Among his missions: flying NCAA Big Ten teams to national championship games, humanitarian missions for disaster relief, and even a horse from Mexico to the Belmont Stakes in New York. “The horse was so tired by the time it came in, it came in close to last at the race, my mom said,” Julie Henkel remembered.
For more than three decades, Henkel flew for Miami-based airlines. American Eagle. Trans Air Link. Custom Air Support. IBC Airlines.
He served as the director of operations for Air Cargo Express and would add corporate jet flying to his portfolio when he flew for Avanti on the Piaggio aircraft out of Las Vegas. He served as chief pilot for Sierra West Airlines and was director of operations for ACI Pacific in Guam and captain and chief pilot for First Kuwait Oil. He made daily flights into Iraq while based in Kuwait during the war in 2003.
At the time, he operated international flights to Iraq, Iran, Lebanon and the Middle East before retiring from full-time flying to become a flight instructor contract pilot for Dean International Flight School at Tamiami.
But his sister Julie, a kindergarten teacher at Gateway Environmental K-8 in Homestead, also remembers a family man who loved cranking Led Zeppelin, Jimi Hendrix and Jethro Tull on his Gibson guitar, and sharing his adventures.
“He took me up in the Cessna at Tamiami Airport and we did touch-and-gos. He also let me take the wheel for a brief moment to see what it feels like.

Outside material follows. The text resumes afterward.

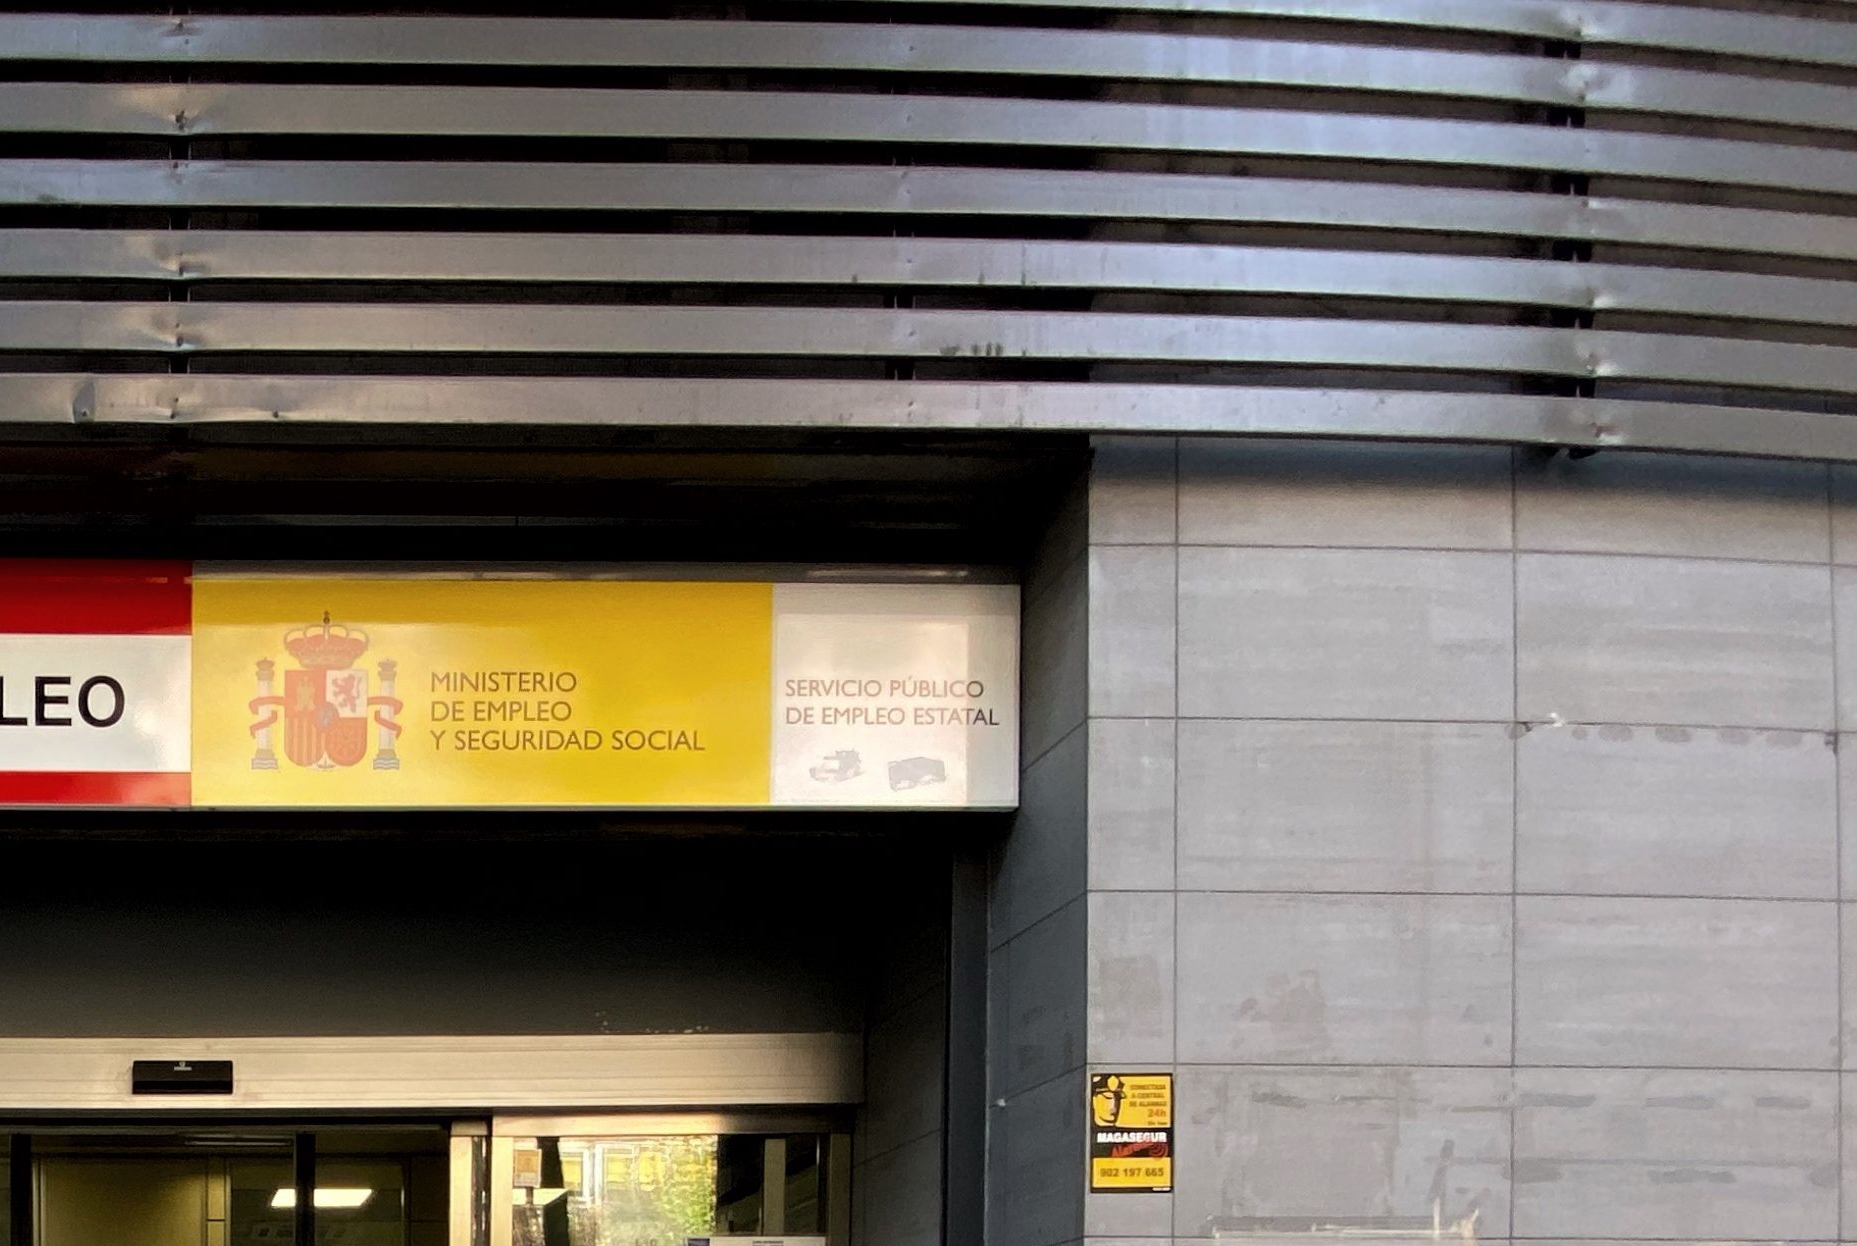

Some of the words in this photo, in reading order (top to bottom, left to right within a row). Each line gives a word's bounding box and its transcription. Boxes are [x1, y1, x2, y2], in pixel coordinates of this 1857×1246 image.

One of the most exciting times and memorable of my life,” she said. “I always saw the personal side of Rick. I was fortunate to experience the professional side and he was a brilliant pilot. I was so overwhelmed with awe.”
In addition to his mother and sister, Henkel is survived by his stepfather Claude Hansen, nephews Jonathan and William McKinney and niece Jenna Palmer.
A memorial service will be held at 1 p.m. June 29 at Christ Congregational Church, 14920 SW 67th Ave., Palmetto Bay.